The Bronx is my home - my den of flavor. But there are cities across the nation that are full of mystery and excitement - and it's fun for me to discover that.
(In the Bronx) you can smell the sofrito in the air. And when I was in Long Beach, I felt the same connection with the Samoan community, I was like, this place is alive! I'm finding elements in the Bronx in other parts of the country - like in South Central. The Bronx is home...if I wasn't in the Bronx, where would I be? Maybe Port-au-Prince.
I've done a lot of traveling, but very little across our own great nation. This has been such a fun experience for me, because it's not just a chance to explore food, but to explore the country.

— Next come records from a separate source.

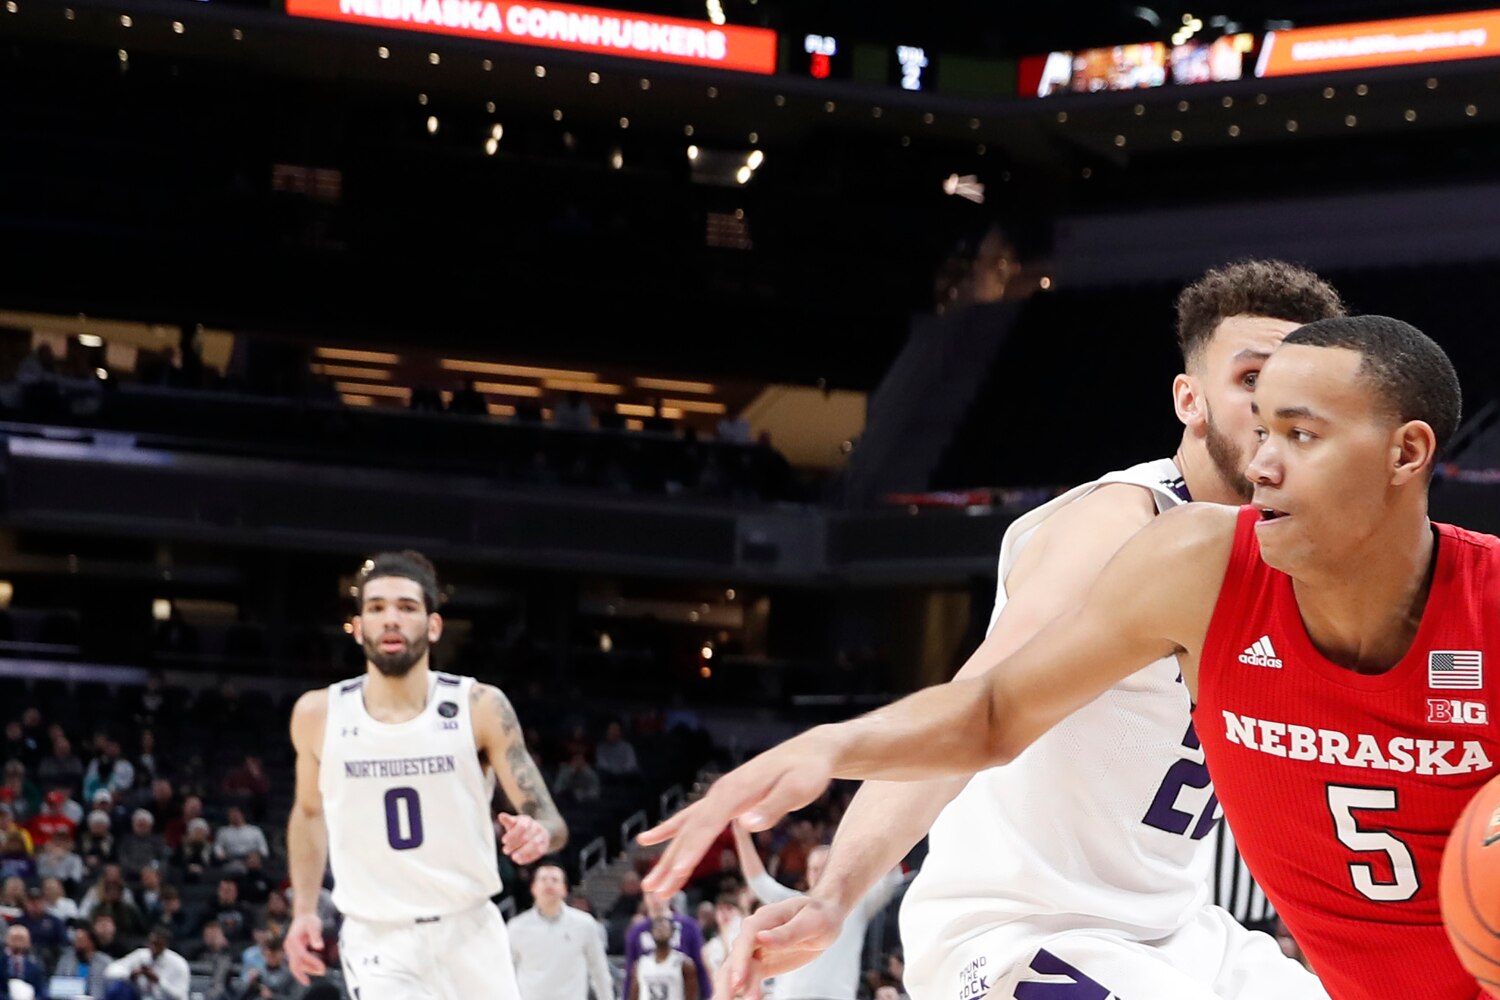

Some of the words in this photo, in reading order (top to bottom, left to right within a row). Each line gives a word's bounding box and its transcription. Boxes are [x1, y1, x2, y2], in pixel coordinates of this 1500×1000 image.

[506, 11, 728, 61] CORNHUSKERS
[1238, 652, 1283, 669] adidas
[344, 755, 456, 778] NORTHWESTERN
[1221, 709, 1494, 776] NEBRASKA
[384, 786, 424, 851] 0
[1326, 782, 1421, 902] 5

You have that moment where you see that this is the place - this is the place, that's the exterior, these are the chefs and yes, THE DISH! They have the dish I have been dreaming of.

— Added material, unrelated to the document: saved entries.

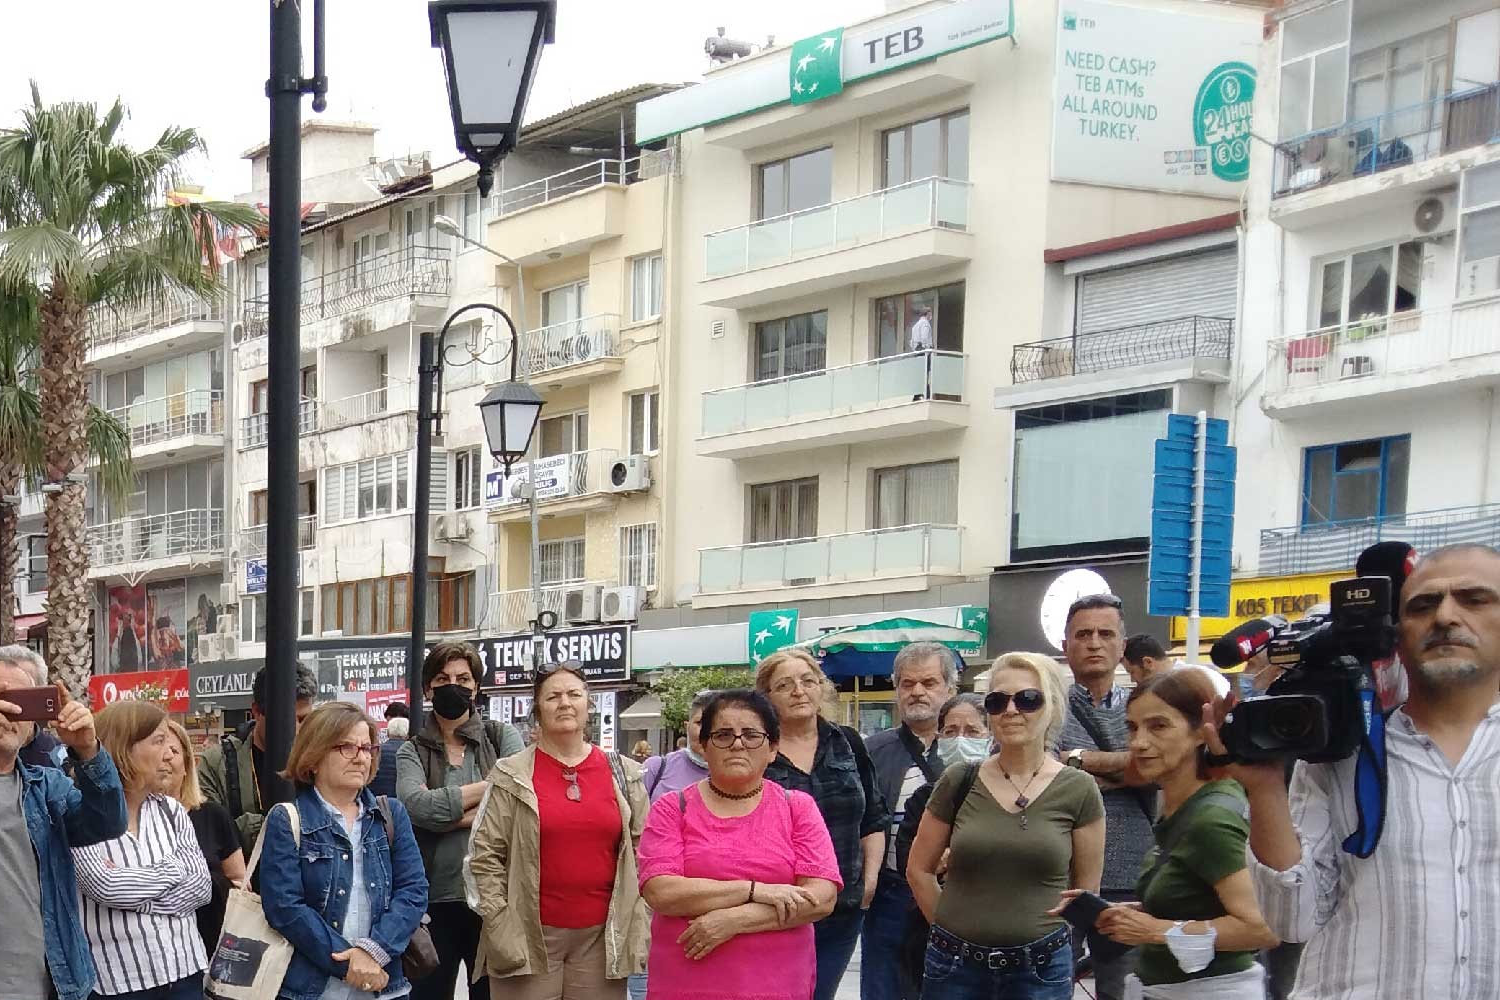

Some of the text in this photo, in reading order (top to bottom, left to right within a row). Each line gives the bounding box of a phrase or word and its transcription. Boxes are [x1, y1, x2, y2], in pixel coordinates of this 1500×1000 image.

[863, 26, 924, 64] TEB
[1065, 50, 1157, 78] NEED CASH?
[1076, 73, 1145, 98] TEB ATMs
[1062, 95, 1158, 121] ALL AROUND
[1204, 106, 1228, 136] 24
[1079, 118, 1140, 142] TURKEY.
[1347, 588, 1371, 600] HD
[494, 637, 552, 668] TEKNK

Now - I have a bit of a devil's advocate question - there are plenty of American cities that have amazing food, but I feel like you've avoided the ones that are, to me, most obvious - New Orleans, Atlanta, even Portland, Oregon. Is there a strategy behind the cities you've chosen?
One thing that was always one of my passions with the Bronx was that I felt it was an unsung culinary destination. As an explorer, and a member of the Explorer's Club, I felt that it was my responsibility to shine a light where other people weren't doing it. I want to go, I want to find magic there, and share it with the world.
Right on! Just as an aside - is the Explorer's Club a, erm...figurative organization?
No, the Explorer's Club is a society of our nation's explorers, and scientists, astronauts - it's been (established) over a hundred years now, and they're based in New York. I applied last year and I was honored, so, so honored to be accepted in a club among the top anthropologists in the world, who do this great field research.
Congratulations! Speaking of greatness, I love that you're fearless in terms of where you take the show. Sure, you hang out with John Waters in Baltimore - chilling with the director of Pink Flamingos takes a certain level of fearlessness! - but you also travel to Haiti, a place best known for its intensely troubled history, and its poverty.
There are so many places across the world that people take at surface value, and we don't take the time to look beyond the poverty, or whatever it is - and find out that there is vibrant culture, and unique art and cuisine, that is unto that place, that is indigenous, that is there and it's pure.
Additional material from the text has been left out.